I would suggest that java is what C++ should have been, as an OO language suitable for commercial development, and being comfortable for the old base of C programmers out there. C++ was heavily constrained by Stroustrup’s goal that existing K&R C code would go through the C++ compiler and work. He retained a bunch of old baggage that java made a clean break from, such as the pointer and the way it masqueraded as array notation in C, the lack of a boolean primitive type which led to its sloppy way doing conditional tests, the indeterminacy of the sizes of primitive types, and other things. Not to mention retaining the old “struct” semantics grafted onto class definitions, and having to say “virtual” to get actual polymorphism.
What I like about java, not necessarily OO features:
Garbage collection - I would say that 95% of the bugs I had to chase for years in C code were from memory corruption or leaks. In large commercial projects involving many people, programmers managing their own memory allocations led inevitably to these. You could run something like purify, and discover an embarassing number of bad memory references in standard runtime libraries you were using.
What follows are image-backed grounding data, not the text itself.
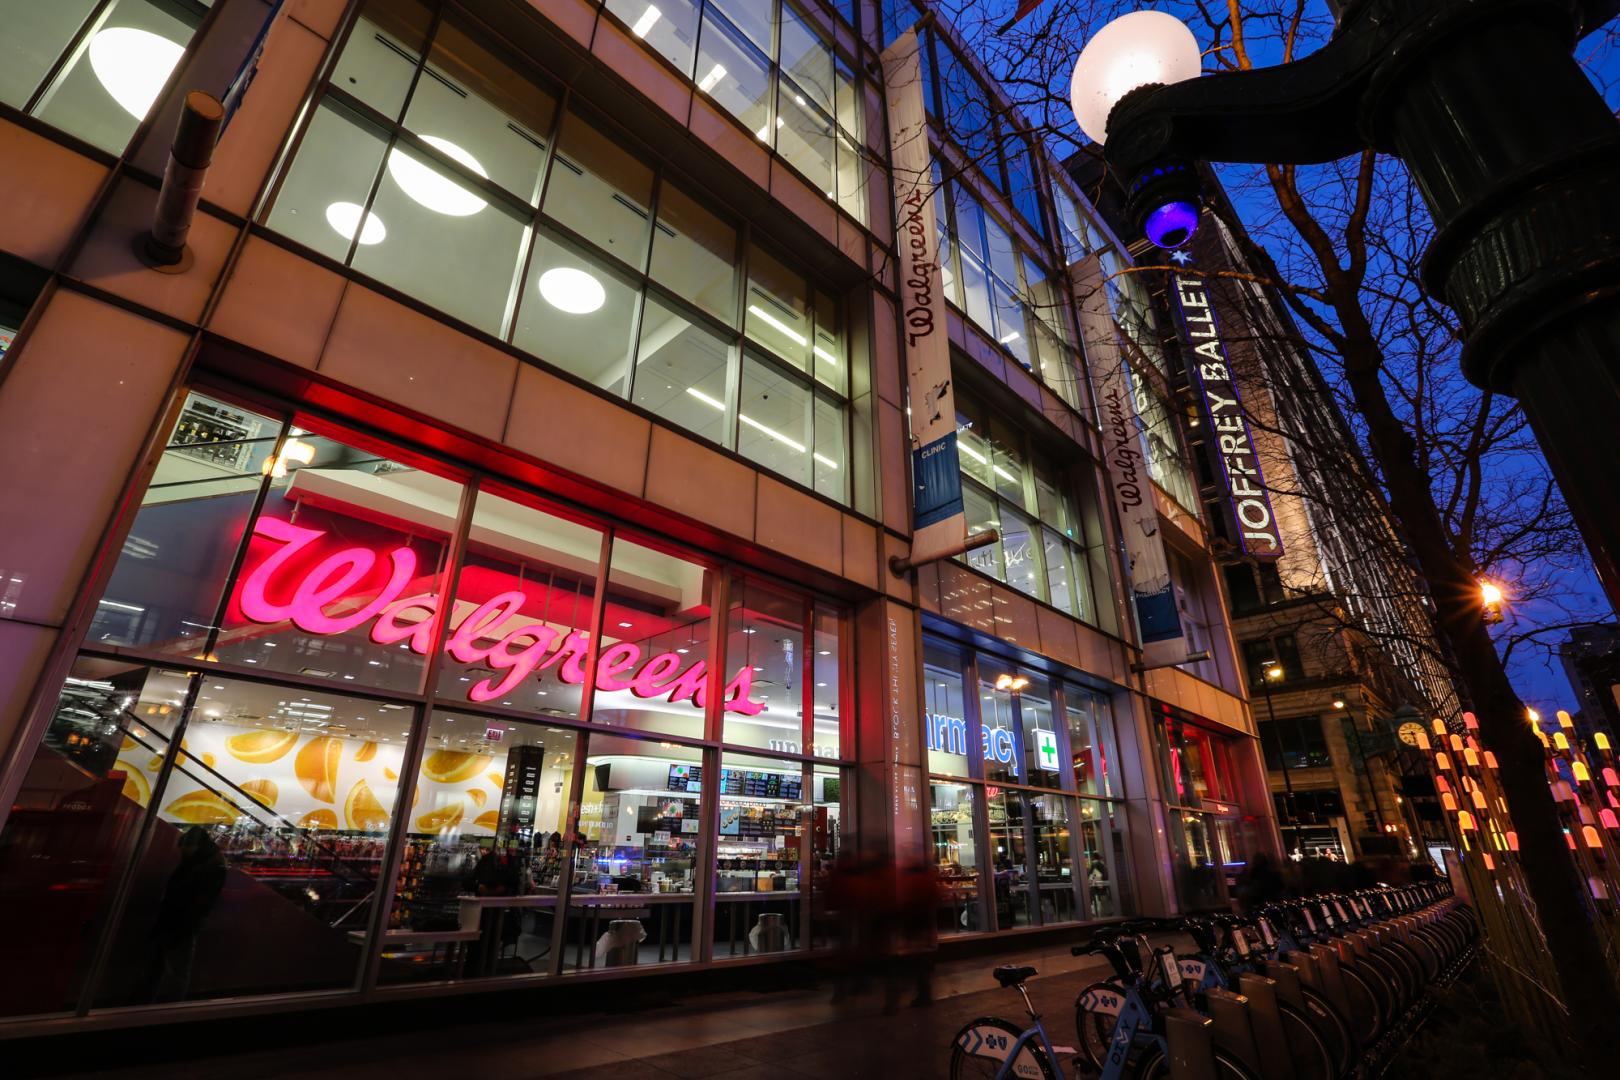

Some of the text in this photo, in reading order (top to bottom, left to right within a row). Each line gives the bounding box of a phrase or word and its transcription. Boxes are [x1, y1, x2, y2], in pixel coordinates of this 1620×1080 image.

[905, 188, 937, 348] Walgreens
[921, 441, 947, 459] CLINIC
[1104, 388, 1143, 513] Walgreens
[1176, 277, 1277, 551] JOFFREY BALLET
[239, 516, 765, 715] Walgreens
When you first start coding java, it makes your scalp crawl to do something like:
x.someMethod(new Thing());
but you get used to it, and eventually you realize how much effort you were putting in in C based code to manage memory allocation.
Java has a very good, usable thread implementation. MUCH easier to write threads in java than any lightweight process / thread model I ever used in C / C++.
It doesn’t have C++'s fragile multiple inheritance lattice, forcing you into a lot of investigation as to WHICH method implementation you are going to wind up with. Java doesn’t support multiple inheritance for a good reason - the concept of interfaces takes care of almost all of the places you would want it anyway. The interface concept is very useful.
The way inner classes work in java seems mondo screwed up when you first encounter it, but it’s actually useful. You can sub-encapsulate a lot of logic which needs to have access to the members of an instance of the defining object. If it was simply a scoping mechanism, it wouldn’t work nearly as well for a large number of the places where you use it.